Wednesday, February 6, 2013

Hand sanitizer? No thanks..


I have a germ hubris. I should stop hugging people who have the plague, thinking that I won't get sick. The odds of me defying the basic laws of biology that govern the spread of infectious germs are stacked slightly against my faulty "out of sight out of mind" mentality. Rats. Guess I should have paid more attention in science classes.

Actually, I think I'm just too lazy to worry about one more thing like germs and sickness and stuff. I have enough irrational worries (accompanied by their own set of ridiculously ineffective means to alleviate those worries) to last me a lifetime, so I've just never had time to pay attention to germs.

Unfortunately, not even my good ol' farm-kid, German, Lutheran denial of the obvious is going to work this time. I've been sneezing all day...that's how it started the last time I had this bug. Sorry if you've hugged me in the last day or two. You're probably next on this list.

Maybe I'm wrong, maybe it's just my cat allergy being overly dramatic and I really won't get sick at all. Yes. Yes. That's it. It's nothing, I don't feel sick at all. I actually didn't even realize there was something going around.  Ah, this denial lifestyle dies hard, doesn't it? (Funny thing is, I wish this were an exaggeration. This whole thought process is completely plausable in my world...at least it used to be. Now I just make fun of it and get mean looks from people who try to pretend it's not true. Tee hee.)

Friday, February 1, 2013

A week of believing in the unfounded evidence...

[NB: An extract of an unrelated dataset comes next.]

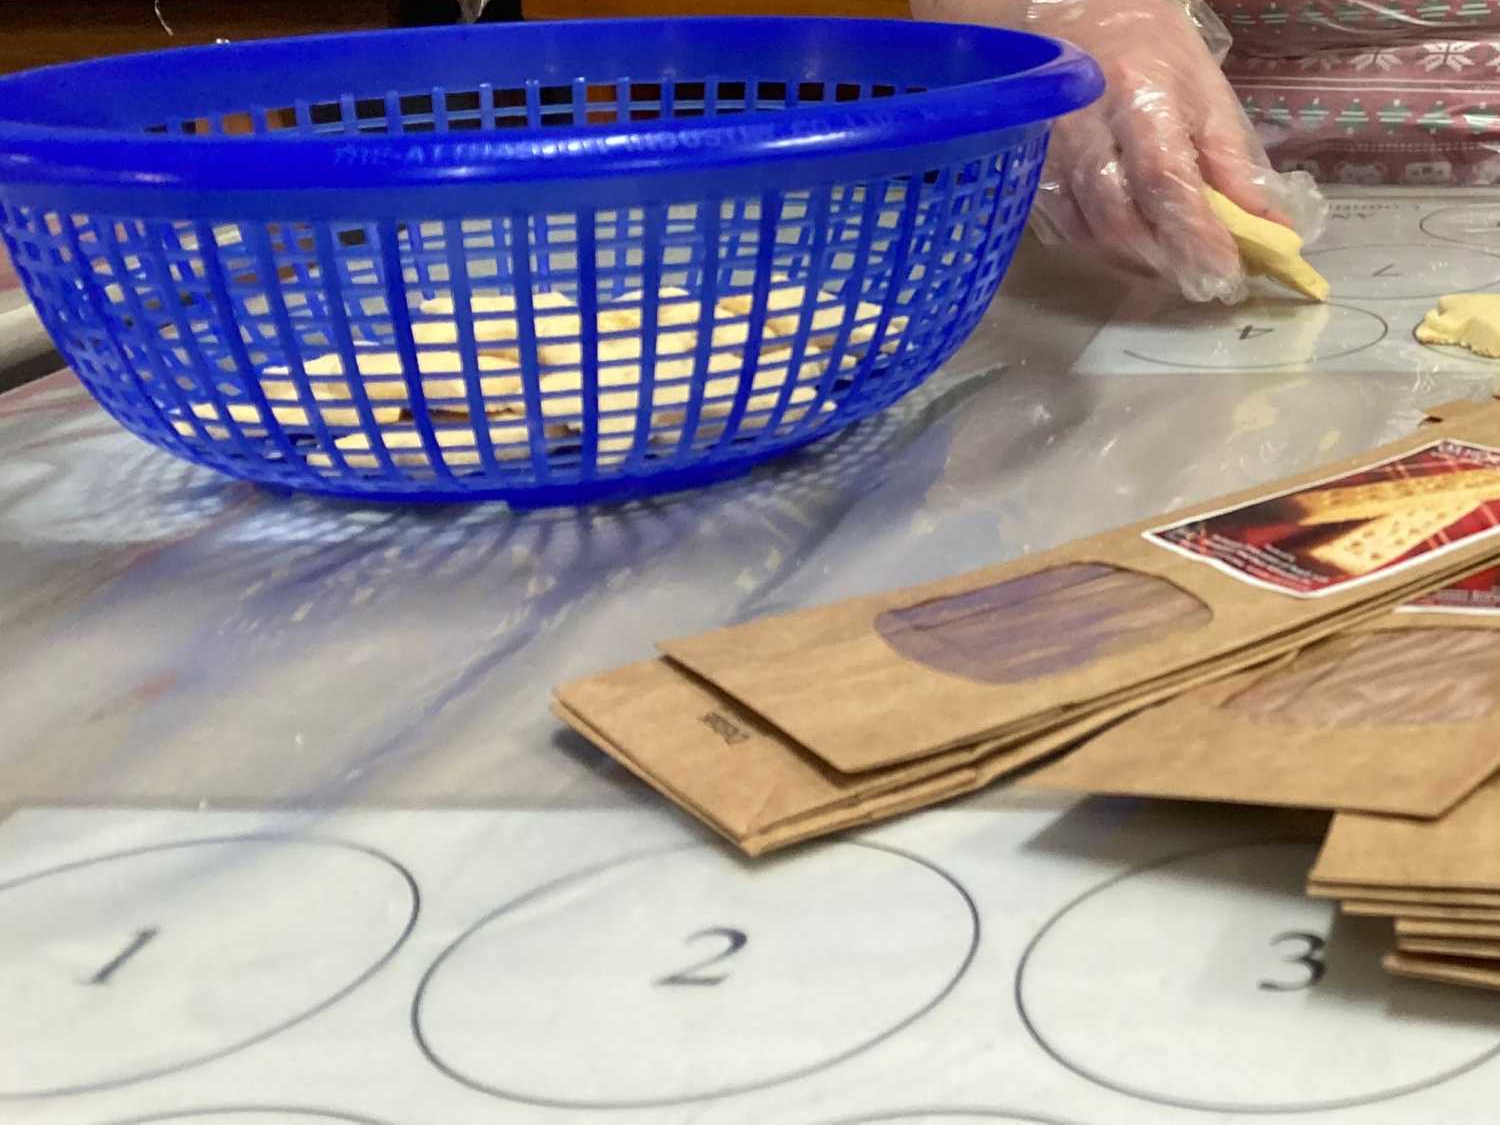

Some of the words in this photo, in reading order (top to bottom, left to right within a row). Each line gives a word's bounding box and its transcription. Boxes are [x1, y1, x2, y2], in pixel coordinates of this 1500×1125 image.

This is what happens when you buy into everyone else's ideas of what you can or can't do because of your "choices" and the false accusations from a deep-seeded critical voice within:
You spend an entire week worrying about why you can't seem to come up with an idea for your semester project, frustrated that you aren't good enough or smart enough or know the right people to follow through with any of the ideas you may have brainstormed! Welcome to my past week....

I used to force myself to suck it up or get over it, but for some reason that wasn't going to work tonight. I couldn't be mean to myself like I used to do! I sat down and cried, sort of threw a little mini-temper tantrum on the floor next to my desk, and then I heard all those voices of expectations and that really mean self-critic. Lies. Unfounded, non-factual evidence of my "badness" and failures. About 5 minutes of crying later, it all seemed ok. I remembered it's ok not to "get it right away," you'll be ok. 10 minutes later, I miraculously had a topic that seemed workable.

Are you kidding me? I spent a week obsessing over this, and the reason I kept hitting a roadblock was that I was buying into the idea that I just couldn't do it? Wow. I guess negative self-talk is a powerful thing. I've taken it to heart for a long time. I almost gave up on this. Hmm, and all because I just let myself have my little tantrum without calling myself "stupid" for getting so upset...I'm so done with that. It hurts a lot less just to cry, and let it clear out all the lies.

It's not me that was the problem...it was believing that I was somehow "not good enough," by standards that fell short when it came time to back up their accusations. Funny how that works, I'm the one who thought I didn't measure up, but actually it was what I was believing that didn't measure up. Those false accusations couldn't withstand the test of truth and evidence. I win.

I'm not going anywhere...staying right here. Right now. And I can be have joy in my tears, I can be happy no matter what. I love this.